Both leaders attended a three-way weekend summit with South Korea's President Lee Myung-Bak, where Wen resisted pressure to publicly castigate North Korea over the sinking of a South Korean warship in March.
Hatoyama was expected to keep pushing efforts by his government, Seoul and Washington to persuade Beijing to punish its communist neighbour, which has been blamed for torpedoing a corvette, killing 46 South Korean sailors.
Japan and China, Asia's biggest economies and fierce rivals for resources, have their own naval incidents to discuss after Chinese helicopters have twice buzzed Japanese naval vessels in recent weeks and a Chinese marine survey ship pursued a Japanese coastguard vessel, prompting protests from Tokyo.
Japan was also expected to push China to set up a military hotline to prevent such maritime incidents from escalating, foreign ministry press secretary Kazuo Kodama said at a pre-summit briefing.
The host nation was also expected to urge progress on a two-year-old agreement to jointly explore oil and gas resources in the East China Sea, in the Shirakaba oil and gas field, known as Chunxiao in Chinese.
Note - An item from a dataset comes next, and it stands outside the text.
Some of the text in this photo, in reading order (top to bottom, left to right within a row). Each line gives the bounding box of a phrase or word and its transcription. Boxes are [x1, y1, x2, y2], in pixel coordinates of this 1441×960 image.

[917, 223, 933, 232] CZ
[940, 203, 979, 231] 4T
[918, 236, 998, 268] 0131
Since the June 2008 agreement, the talks have stalled and Japan says China has started unilateral operations on the Chinese side of the median line, with ships reportedly observed taking equipment to the area.
Despite their flare-ups and differences, both Asian economic giants have been at pains to highlight their strengthening ties.
Hatoyama has urged turning the East China Sea into a "Sea of Fraternity", and Wen, after his arrival Sunday, read a haiku-style poem describing his feelings about changes in China's relations with Japan.
"The ice melts into water in the spring. The rain is gone and the green mountain is extremely green and the earth is thick with grasses," he said.
Wen started Monday early, practising Tai Chi and jogging in Tokyo's Yoyogi Park, where the premier, dressed in black sportswear and shadowed by bodyguards, shook hands with other early risers.
In a bout of "baseball diplomacy," he played catch with university students and practised batting. One of the students later said on television: "I didn't get nervous because he was very friendly."
China is Japan's top trade partner, with total two-way business of around 230 billion dollars last year, exceeding Japan-US trade for the third year in a row.